At a meeting in Saskatoon last September, Murray Dobbin, author and activist, stated that strengthening community was a way for citizens to oppose the power of the global economy. When we participate openly and democratically in activities embodying common goals, we learn to build relationships based on caring and trust. As citizens, we come to recognise that the principle of self-maximisation - always seeking to gain as much for oneself as possible - is a vicious myth that fuels the corporate market.

Community Schools

A community school strengthens all of the ties binding it to the community in which it is situated. By recognising that children and youth are active participants in life both inside and outside its walls, a community school makes ongoing connections between students’ living and learning. The goal is to improve students’ learning and to ensure that their cultural and socioeconomic needs are met in a consistent manner. This means that a community school in northern Saskatchewan will reflect the cultural values that distinguish it from one in suburban Regina, for example. While there is no one blueprint that fits all, community schools will be open on evenings and weekends so that they can be used for cultural and sporting events.

SCHOOLPLUS: A Vision for Children and Youth

A recent report on education written for the provincial government, entitled SCHOOLPLUS: A Vision for Children and Youth, advocates the broadening of a community-based philosophy to include all schools in the province of Saskatchewan.
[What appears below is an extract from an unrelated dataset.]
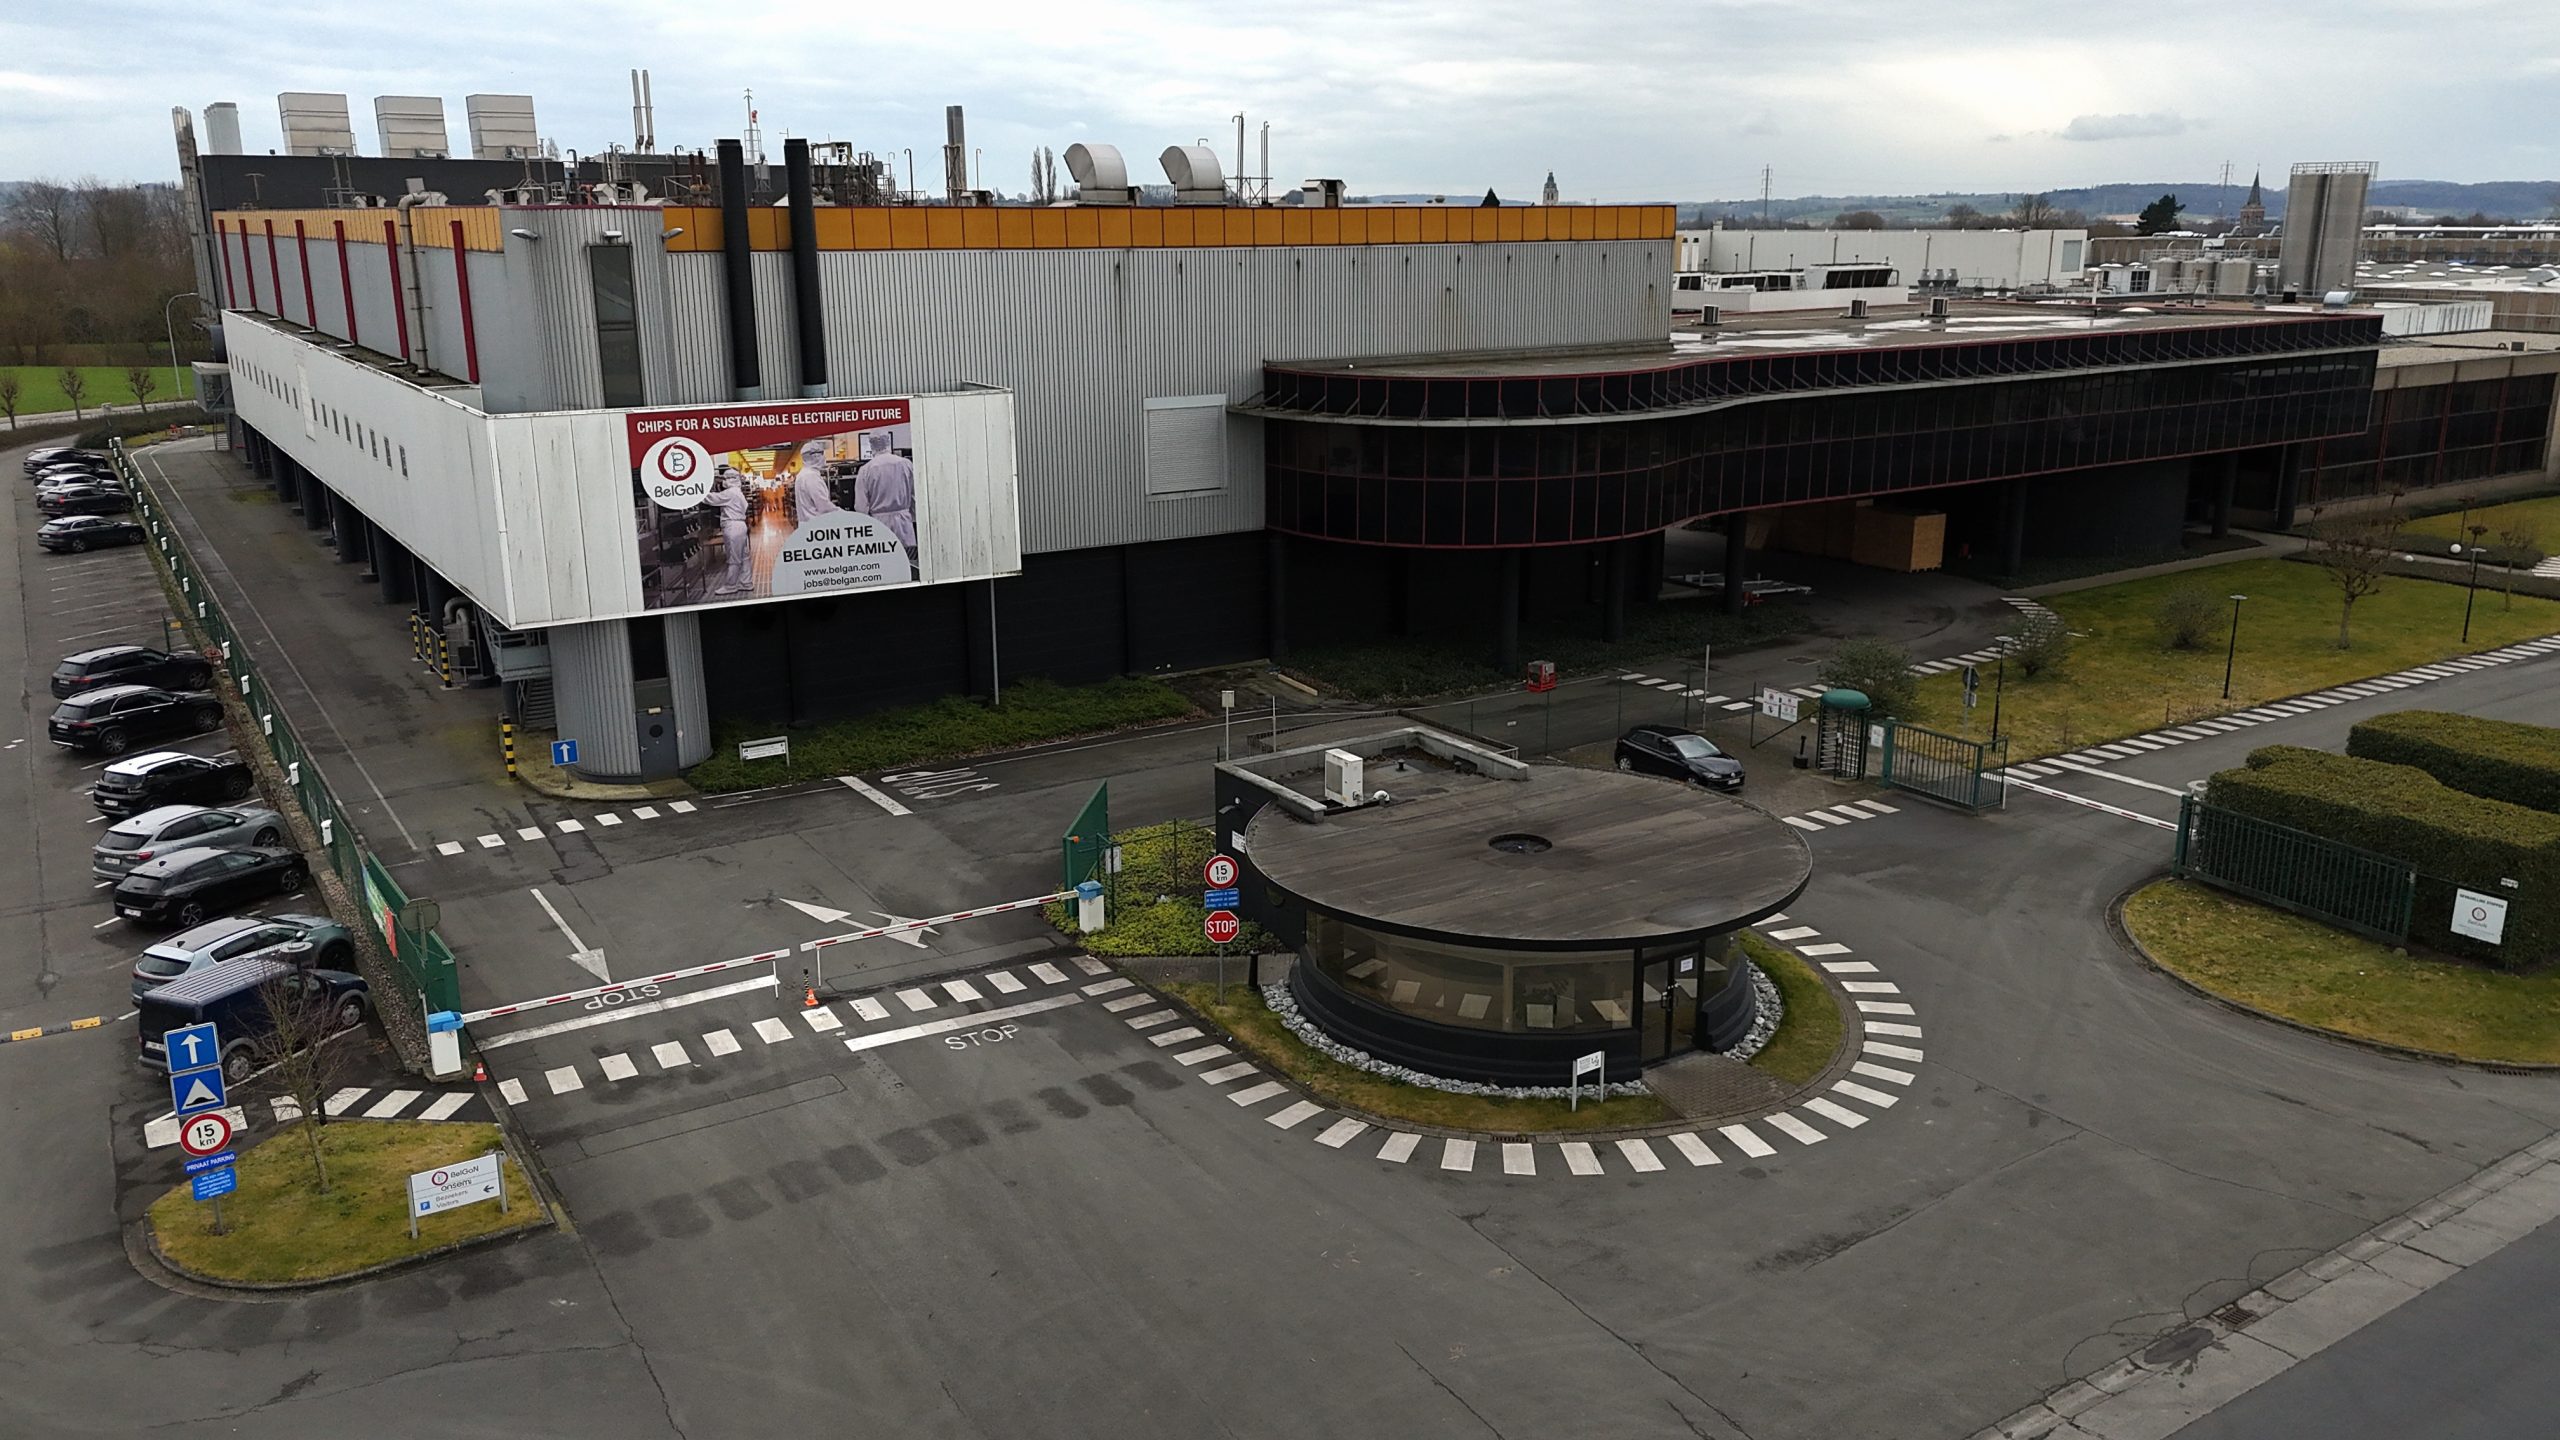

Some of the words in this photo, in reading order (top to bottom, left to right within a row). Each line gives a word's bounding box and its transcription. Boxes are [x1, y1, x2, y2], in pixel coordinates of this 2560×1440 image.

As many as forty schools have been in existence since the 1980s designated under the community schools program. These have been predominantly in core urban areas, but the authors of SCHOOLPLUS argue that the underlying philosophy should now include high schools, rural schools, and northern schools. The adoption of such an approach is an attempt to implement communitarian values capable of limiting the power of "globalisation" currently shaping schools "in the image of a corporate economic imperative". Instead of schools that are "heavily influenced by a market-driven, commercial policy" (p. 9), the report advocates those which "strengthen both the school and the community" (p. 142) in which they are located.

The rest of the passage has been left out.